Required work
Write out, exactly and in full, the records given below, but not their pictures.

=-=-=-=-=

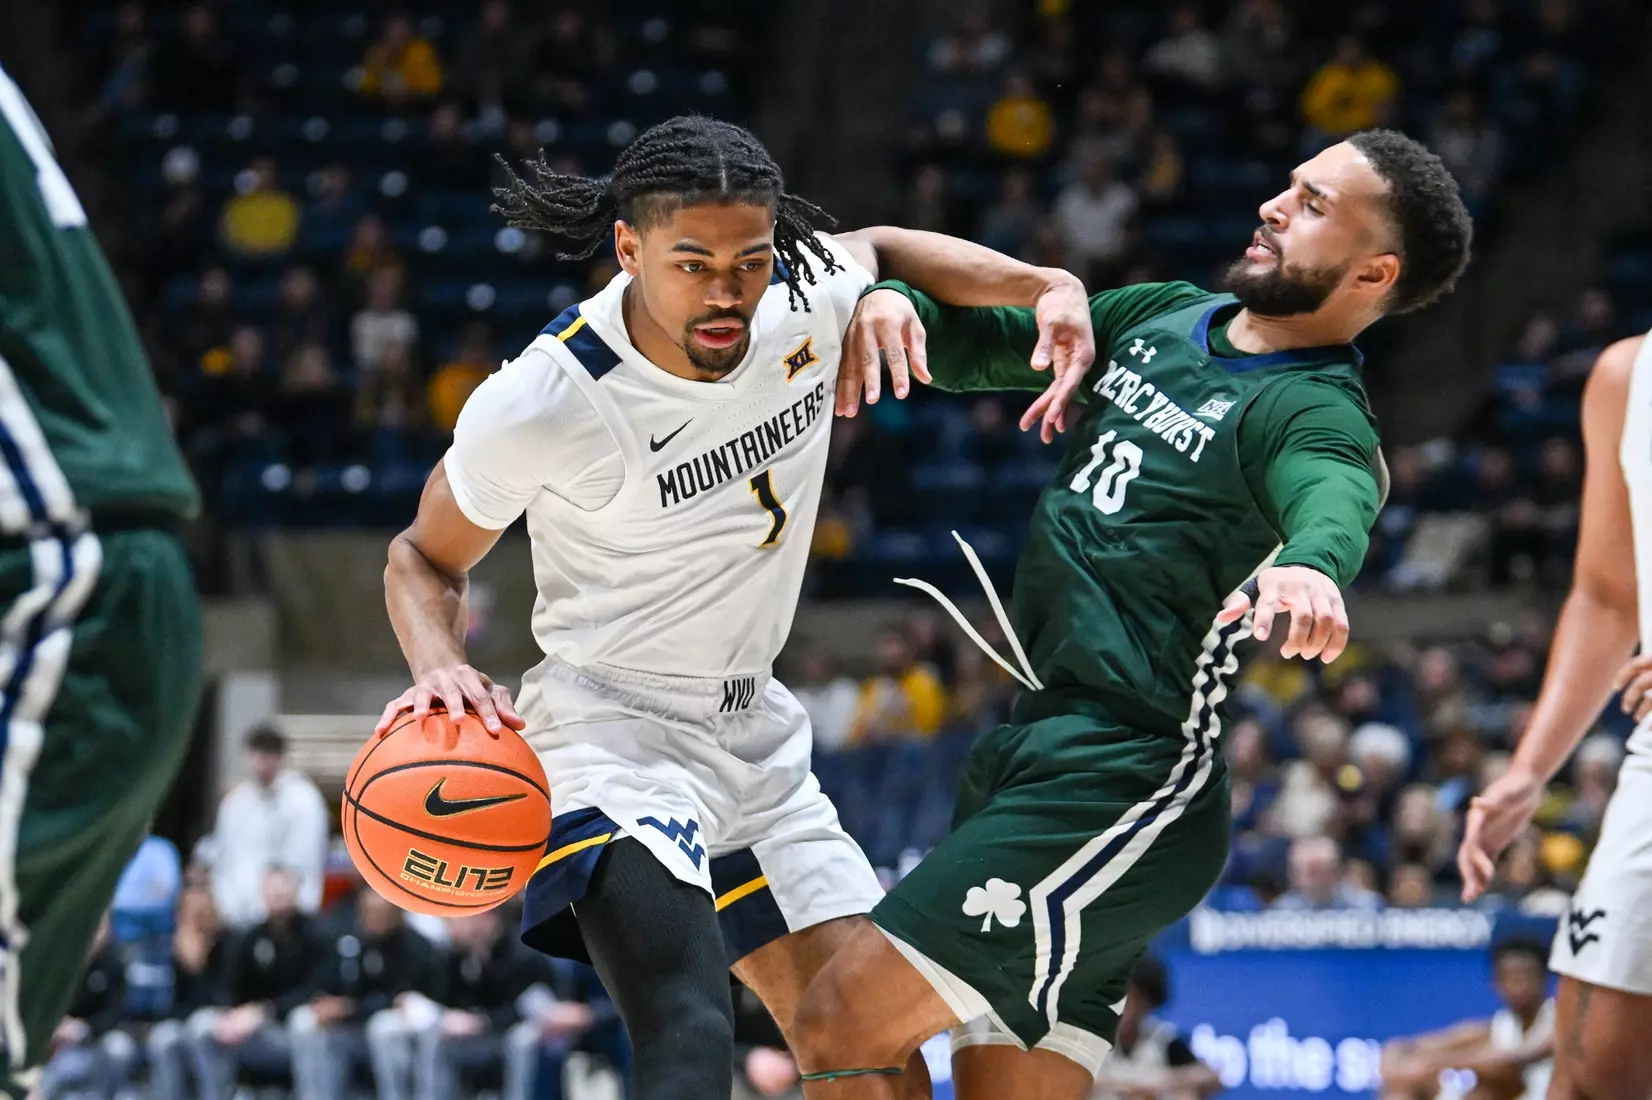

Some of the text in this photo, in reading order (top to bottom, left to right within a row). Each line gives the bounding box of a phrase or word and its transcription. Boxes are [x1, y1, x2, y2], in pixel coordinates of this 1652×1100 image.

[656, 381, 824, 508] MOUNTAINEERS
[1093, 360, 1216, 463] MERCYHURST
[749, 466, 789, 548] 1
[1069, 429, 1144, 515] 10
[719, 676, 755, 713] WVU
[400, 872, 505, 897] CHAMPIONSHIP
[403, 847, 515, 891] ELITE
[1248, 1017, 1333, 1092] the
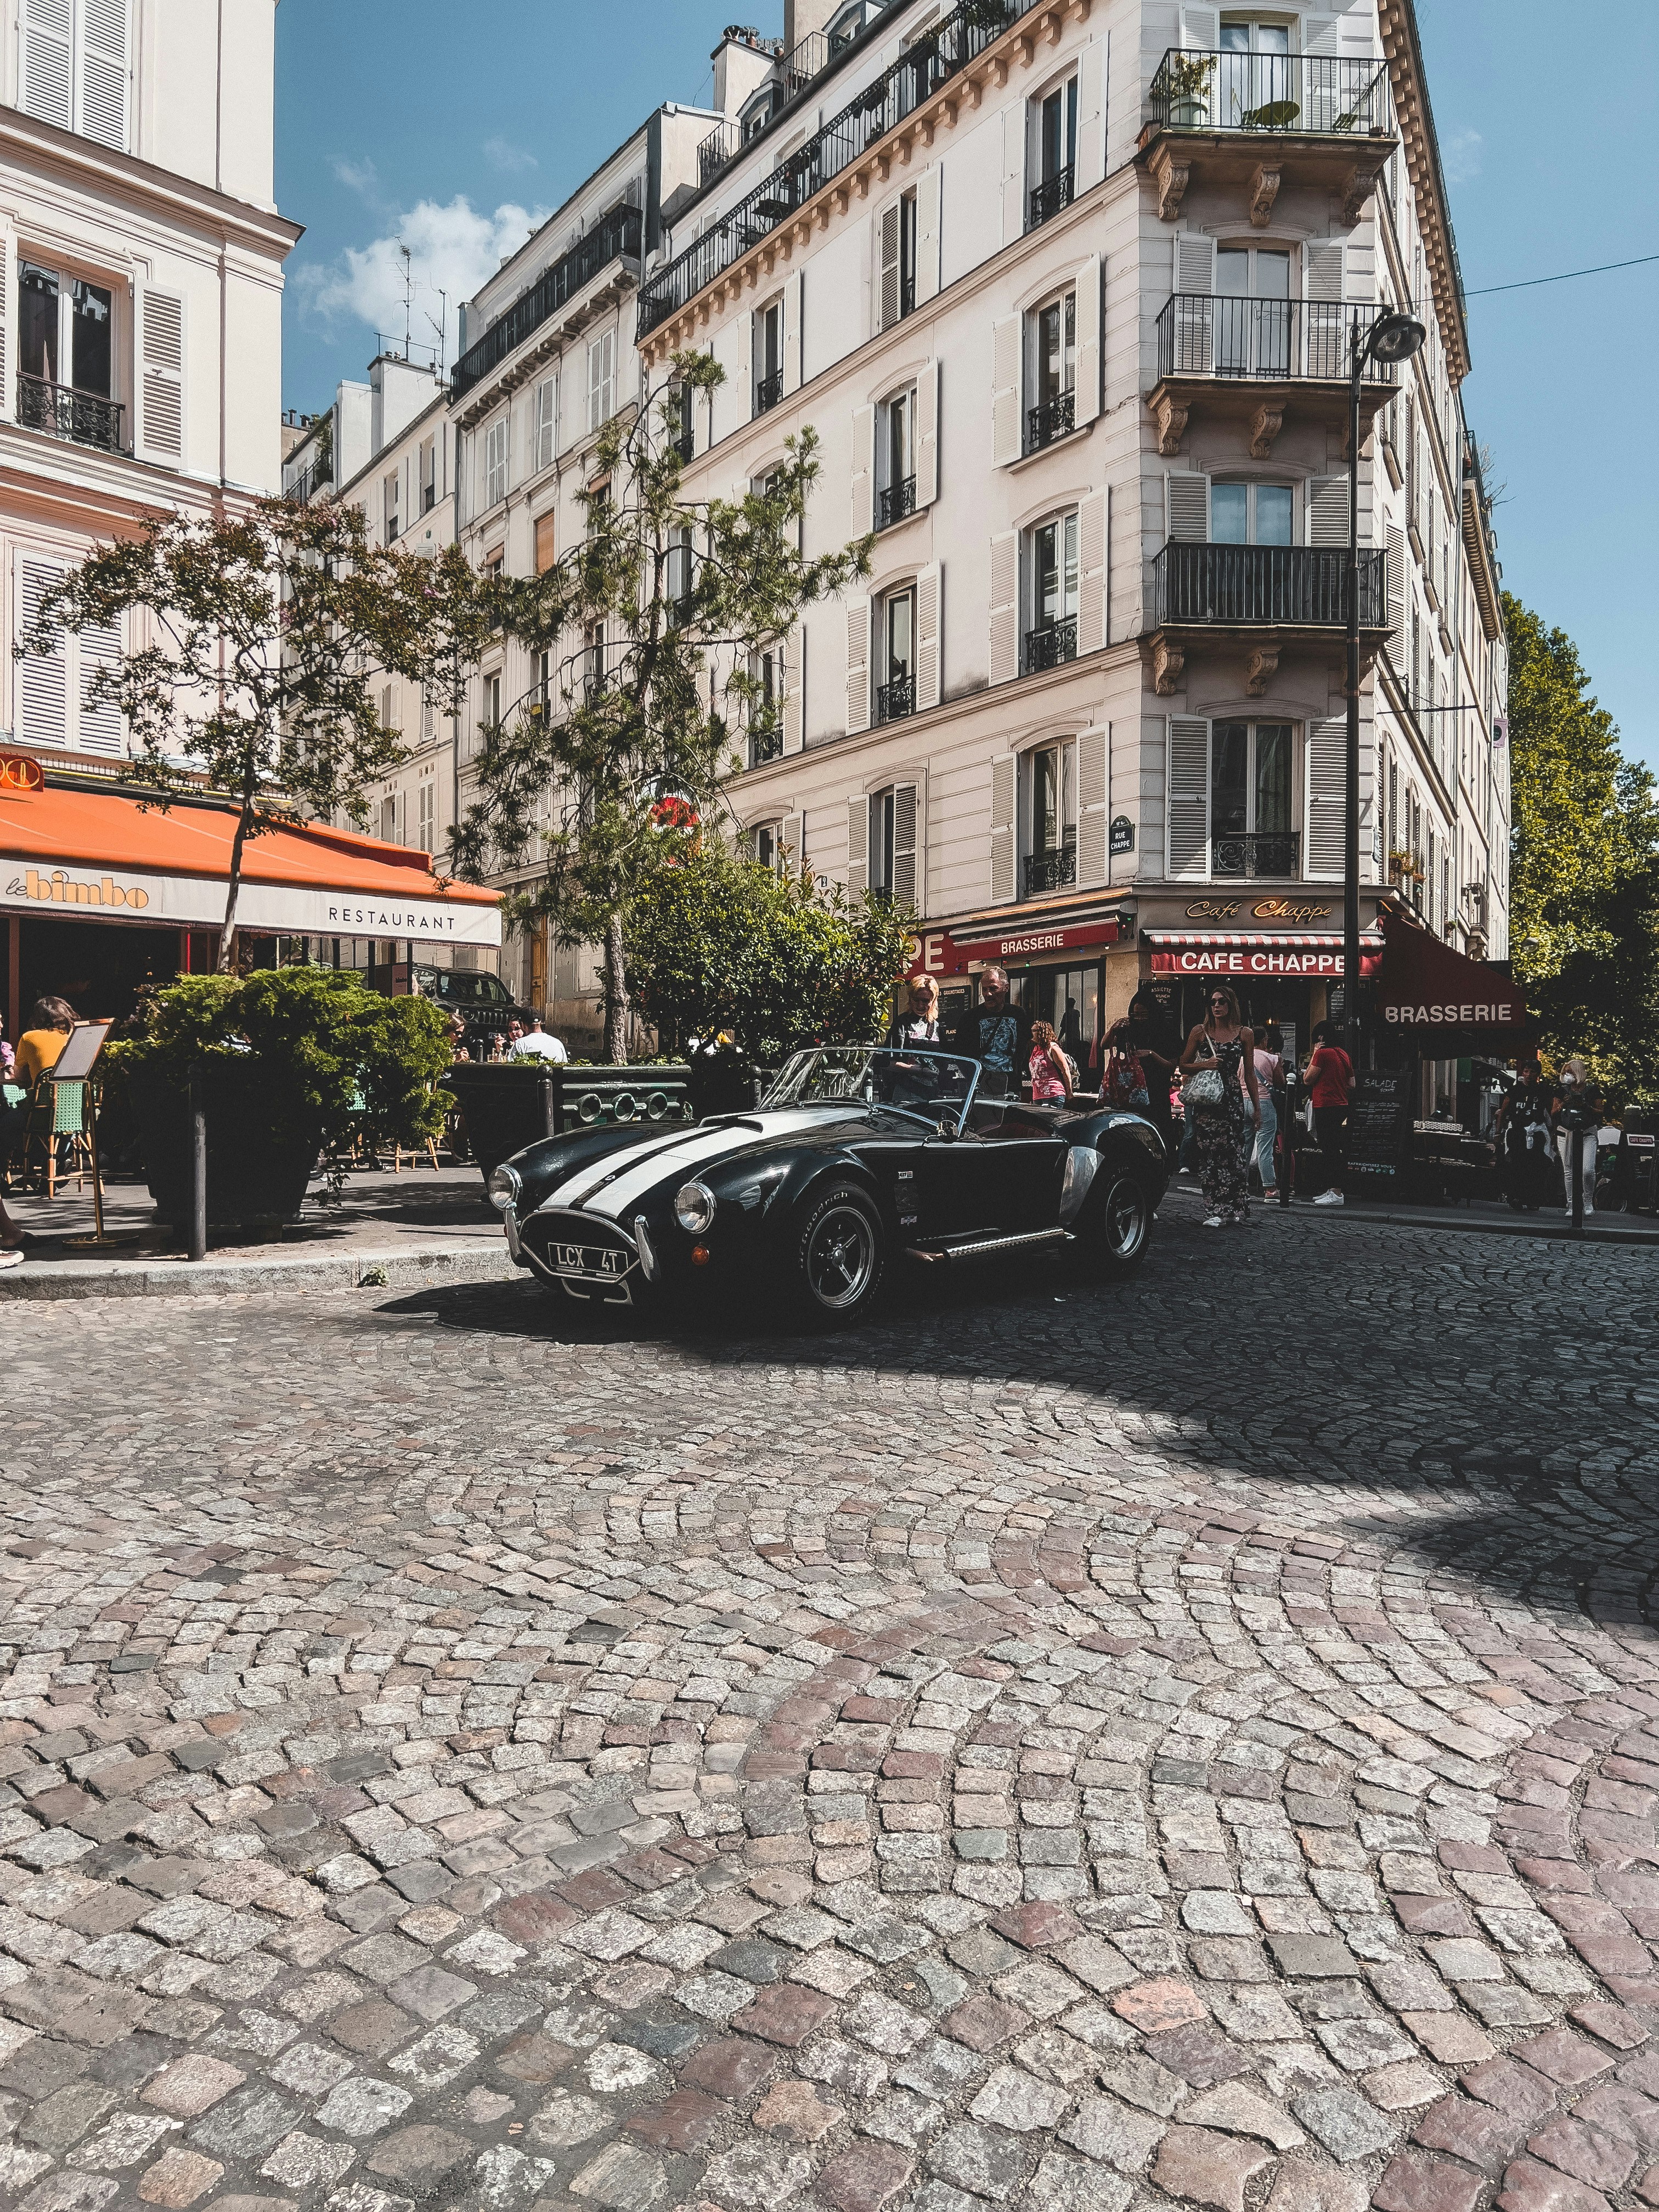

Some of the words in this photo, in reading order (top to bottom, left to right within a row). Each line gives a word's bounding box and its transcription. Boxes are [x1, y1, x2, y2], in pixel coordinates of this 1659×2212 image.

[1111, 840, 1130, 850] CHAPPE
[1115, 831, 1126, 840] RUE
[6, 877, 27, 895] le
[26, 870, 149, 909] bimbo
[329, 907, 455, 930] RESTAURANT
[1187, 900, 1242, 919] Café
[1254, 900, 1332, 922] Chappe
[1001, 934, 1064, 954] BRASSERIE
[1181, 952, 1243, 971] CAFE
[1251, 953, 1344, 972] CHAPPE
[1385, 1004, 1511, 1023] BRASSERIE
[1363, 1079, 1397, 1088] SALADE
[557, 1246, 585, 1267] LCX
[601, 1251, 617, 1272] 4T

=-=-=-=-=

Answer for this exercise
Some of the text in this photo, in reading order (top to bottom, left to right within a row). Each line gives the bounding box of a phrase or word and its transcription. Boxes are [x1, y1, x2, y2], in pixel coordinates of this 1652×1100 image.

[656, 381, 824, 508] MOUNTAINEERS
[1093, 360, 1216, 463] MERCYHURST
[749, 466, 789, 548] 1
[1069, 429, 1144, 515] 10
[719, 676, 755, 713] WVU
[400, 872, 505, 897] CHAMPIONSHIP
[403, 847, 515, 891] ELITE
[1248, 1017, 1333, 1092] the

Some of the words in this photo, in reading order (top to bottom, left to right within a row). Each line gives a word's bounding box and its transcription. Boxes are [x1, y1, x2, y2], in pixel coordinates of this 1659×2212 image.

[1111, 840, 1130, 850] CHAPPE
[1115, 831, 1126, 840] RUE
[6, 877, 27, 895] le
[26, 870, 149, 909] bimbo
[329, 907, 455, 930] RESTAURANT
[1187, 900, 1242, 919] Café
[1254, 900, 1332, 922] Chappe
[1001, 934, 1064, 954] BRASSERIE
[1181, 952, 1243, 971] CAFE
[1251, 953, 1344, 972] CHAPPE
[1385, 1004, 1511, 1023] BRASSERIE
[1363, 1079, 1397, 1088] SALADE
[557, 1246, 585, 1267] LCX
[601, 1251, 617, 1272] 4T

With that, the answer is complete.